Rodia trasferitosi nei pressi di Los Angeles, diede inizio alle Watts Tower, un’opera a cui dedicò oltre trent’anni della sua vita e che si trasformò in un simbolo delle lotte per i diritti civili

C’è l’esigenza di riqualificare una frazione, quella di Rivottoli di Serino, di ripristinare il valore della memoria storica di Simon Rodia, al secolo Sabato Rodia, che qui vi nacque nel 1879 per poi emigrare in America dodici anni dopo, lì dove l’artista ha poi trovato la sua fortuna, espresso il suo talento, in quella Los Angeles che porta la sua firma nelle Watts Tower, monumento di importanza internazionale e tutt’oggi meta turistica di grande rilievo grazie anche al museo a lui intitolato. Ecco dunque che ritorna l’esigenza primordiale, della memoria e dell’orgoglio territoriale.

La proposta in memoria di Simon Rodia

E di qui la proposta dell’assessore alla Cultura e al Turismo Sabino Matta, portata in consiglio comunale del 20 luglio scorso, di intitolare all’artista la strada di Via Piedicupa ,dove nacque ed è vissuto prima di trasferirsi in America. Il Comune sta valutando tutte le possibilità per poter eventualmente acquisire la casa natale di Simon Rodia.
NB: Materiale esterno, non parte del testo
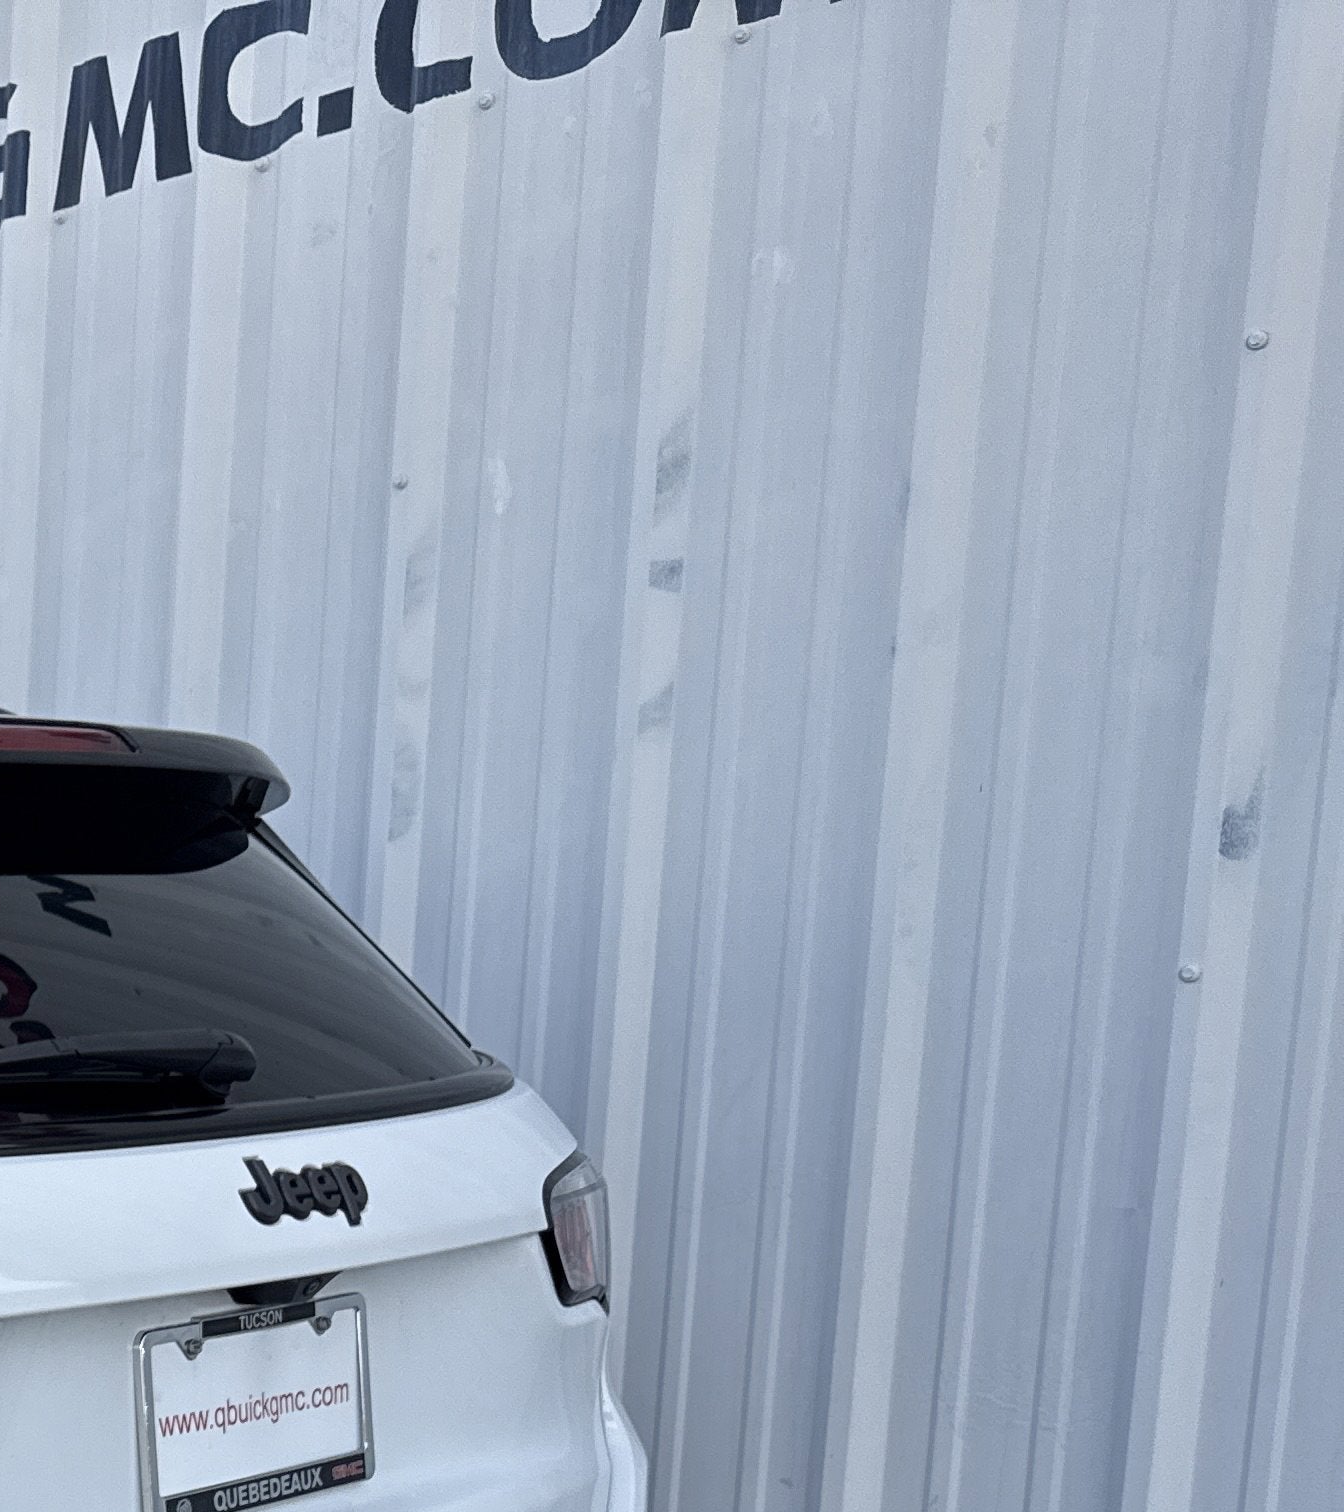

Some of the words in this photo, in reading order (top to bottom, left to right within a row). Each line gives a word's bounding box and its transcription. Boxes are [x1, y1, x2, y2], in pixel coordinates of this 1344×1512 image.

Inoltre, già durante la manifestazione della “Sagra della Castagna” tenutasi proprio a Rivottoli nel novembre 2019, l’assessore alla Cultura e al Turismo Sabino Matta aveva già realizzato un percorso culturale dal titolo “Simon Rodia - dal borgo natale al successo mondiale”. 
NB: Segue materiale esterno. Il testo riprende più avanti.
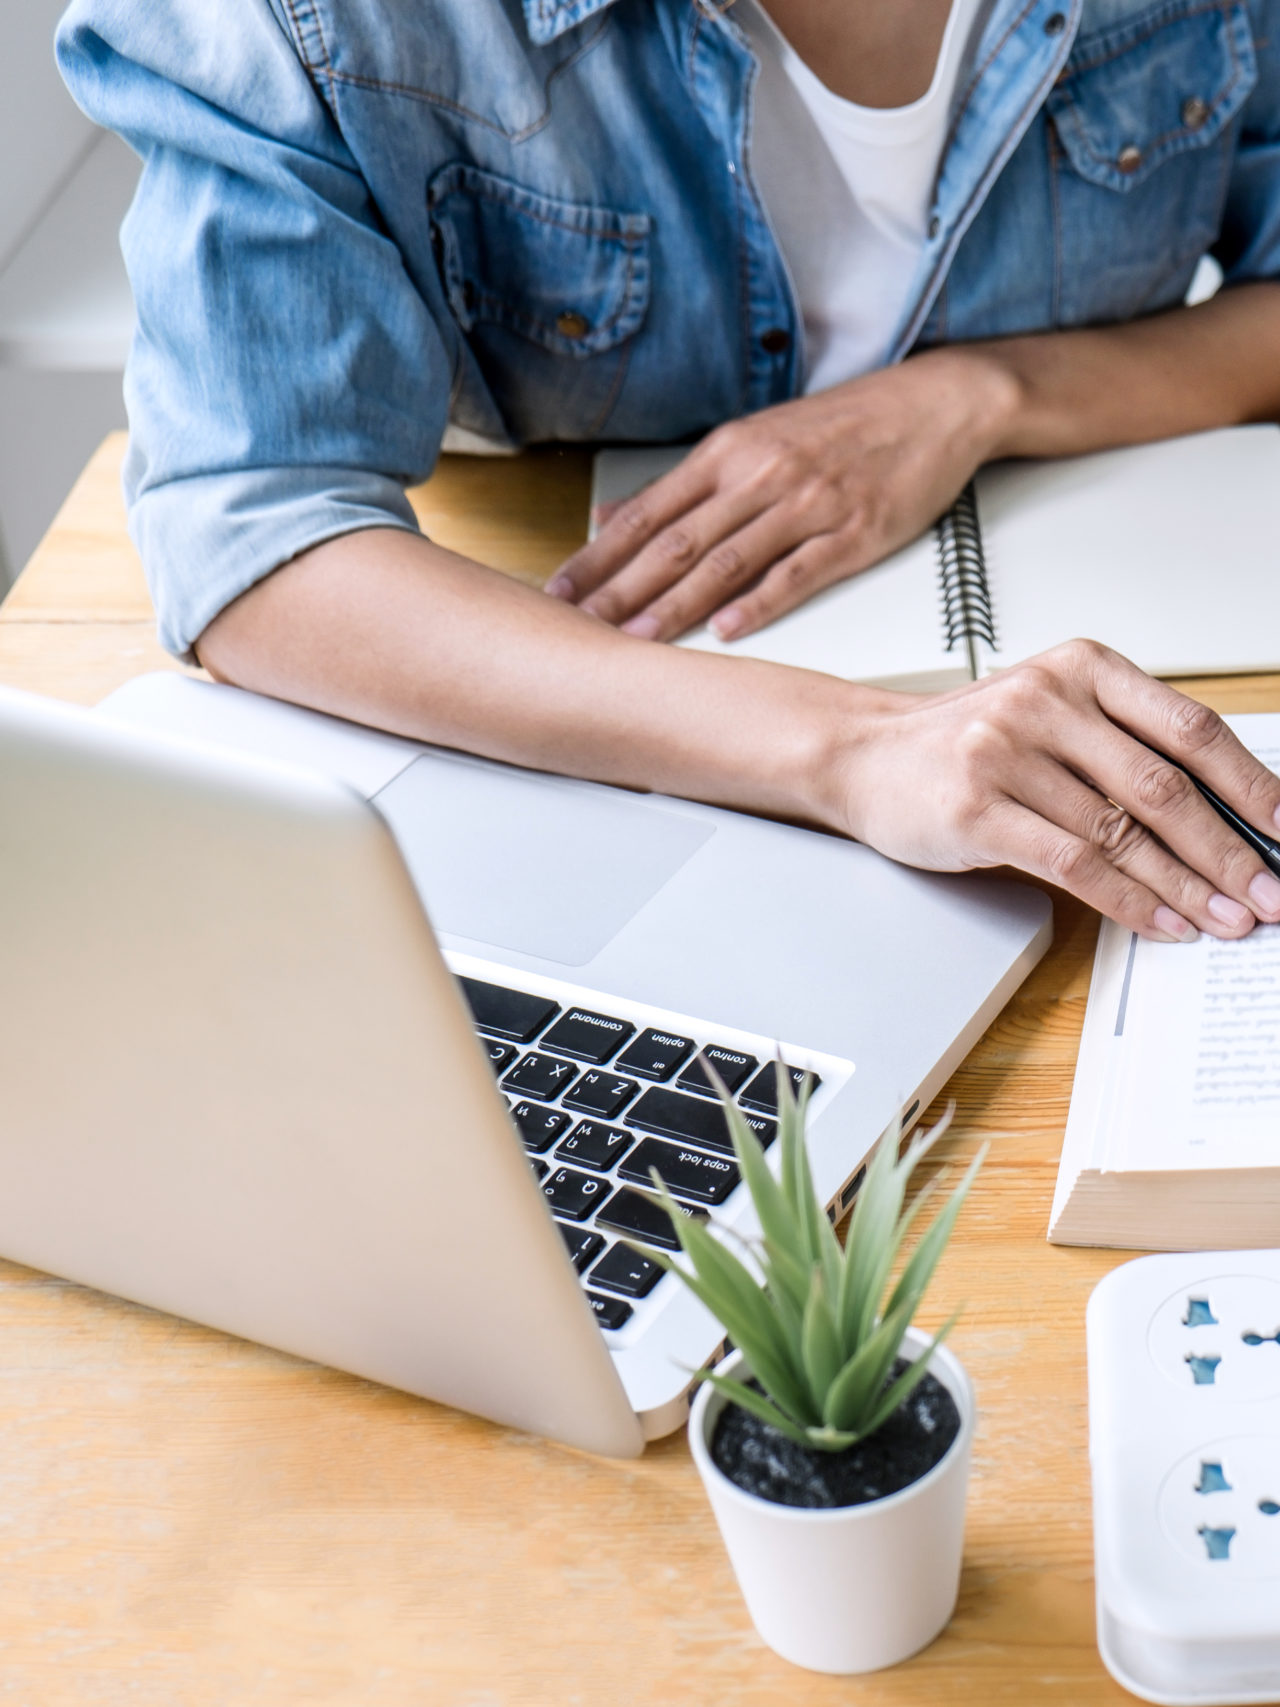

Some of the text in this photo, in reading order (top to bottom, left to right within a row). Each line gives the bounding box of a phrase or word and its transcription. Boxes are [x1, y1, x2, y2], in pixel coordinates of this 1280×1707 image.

«È stato l’inizio, in realtà, di un’idea ben più ampia già da tempo discussa con il Sindaco», afferma l’assessore Matta, «tra l’altro è stato messo in atto un progetto grazie a un bando MiBACT scaduto a fine giugno che prevede per la somma di 428mila euro il completo restauro della Torre Campanaria, risalente al 1724, proprio sulla strada che verrà intitolata a Rodia e della riqualificazione della piazzetta antistante. Ecco dunque che il quartiere simbolo dell’artista diventerà punto di riferimento per il turismo italoamericano e non solo. Vorrei anche sottolineare con fierezza come sia stata questa giunta a mettere in atto concretamente il progetto, che prevede nella sua abitazione natale la creazione di un museo e quindi di un definito percorso culturale. A tal proposito ho provveduto a fare una raccolta firme di tutti i residenti della strada della quale vogliamo cambiare la denominazione. L’entusiasmo è stato unanime».

Piena soddisfazione del primo cittadino Vito Pelosi che aggiunge:

«già in passato, nel 2001, quando era sindaco Armando Ingino è stato fatto un gemellaggio con la città americana di Los Angeles, proprio per rendere omaggio a Rodia. Abbiamo ritenuto, già da tempo, di dover fare di più, di riportare in qualche modo Simon Rodia a casa sua e far sì che la memoria di questo illustre personaggio rimanesse impressa e intatta. La Covid purtroppo ha rallentato questo processo e quindi abbiamo potuto discuterne solo la scorsa settimana. Questa è una terra di talenti, di personaggi che hanno reso lustro a una comunità genuina e ambiziosa. Questo progetto si inserisce in una visione più ampia, che punta a rilanciare il nostro territorio, facendo emergere le tante potenzialità che ci sono in campo turistico, culturale, artistico, paesaggistico enogastronomici».